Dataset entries
----
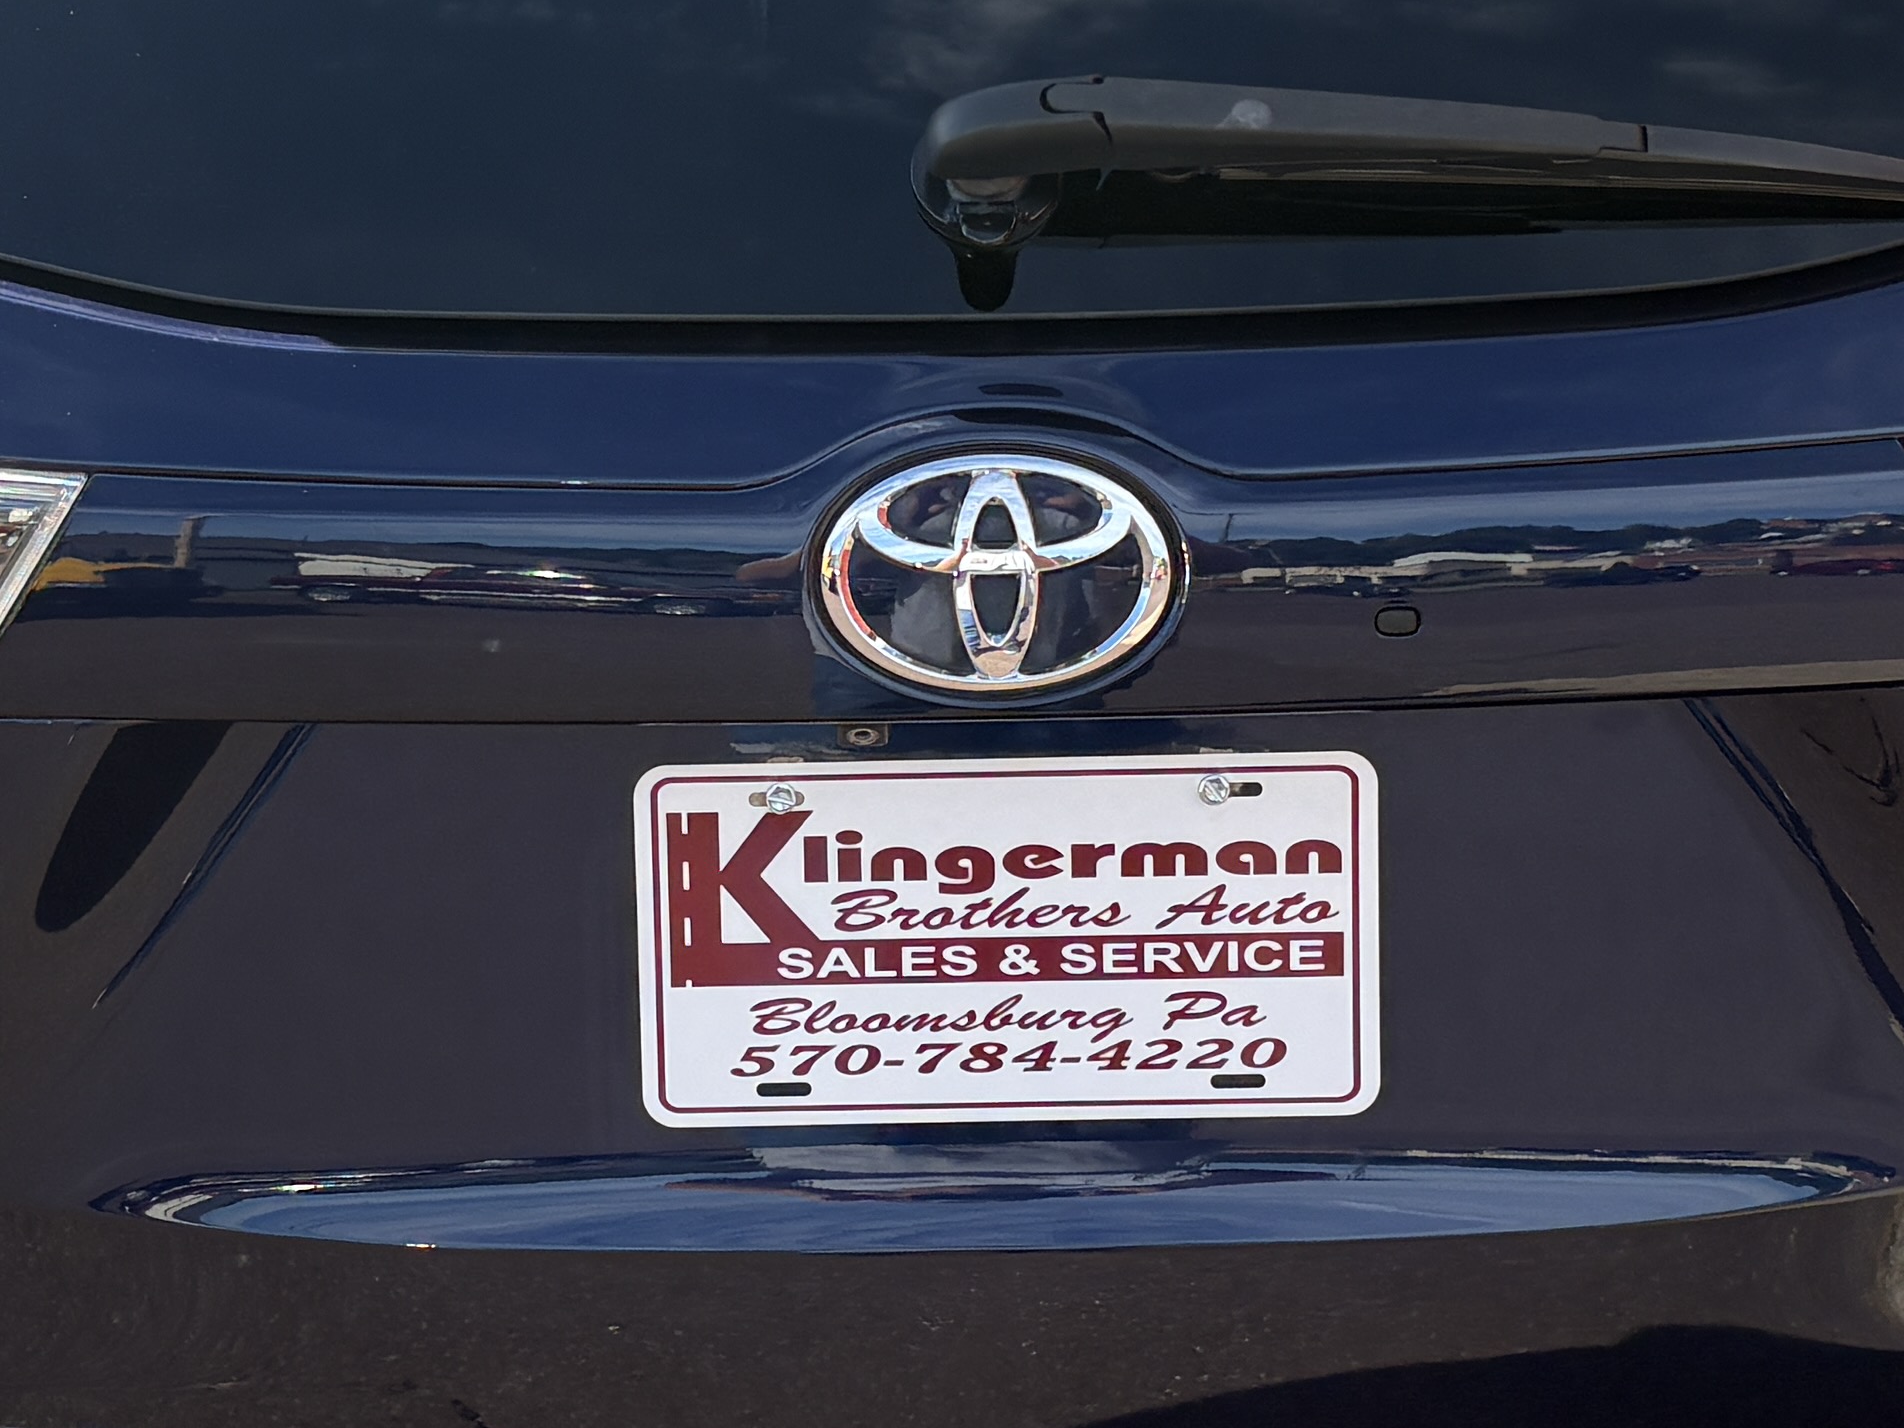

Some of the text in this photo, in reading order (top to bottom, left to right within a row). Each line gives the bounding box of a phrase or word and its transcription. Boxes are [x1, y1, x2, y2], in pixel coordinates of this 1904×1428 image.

[666, 810, 1344, 972] Klingerman
[831, 883, 1340, 933] Brothers Auto
[777, 939, 1326, 980] SALES & SERVICE
[750, 990, 1267, 1043] Bloomsburg Pa
[730, 1037, 1289, 1078] 570-784-4220
----
* EXERCISE DIRECTIONS: Your job is to repeat the data exactly, leaving each picture out.

* SOLUTION TO THE PROBLEM:
Some of the text in this photo, in reading order (top to bottom, left to right within a row). Each line gives the bounding box of a phrase or word and its transcription. Boxes are [x1, y1, x2, y2], in pixel coordinates of this 1904×1428 image.

[666, 810, 1344, 972] Klingerman
[831, 883, 1340, 933] Brothers Auto
[777, 939, 1326, 980] SALES & SERVICE
[750, 990, 1267, 1043] Bloomsburg Pa
[730, 1037, 1289, 1078] 570-784-4220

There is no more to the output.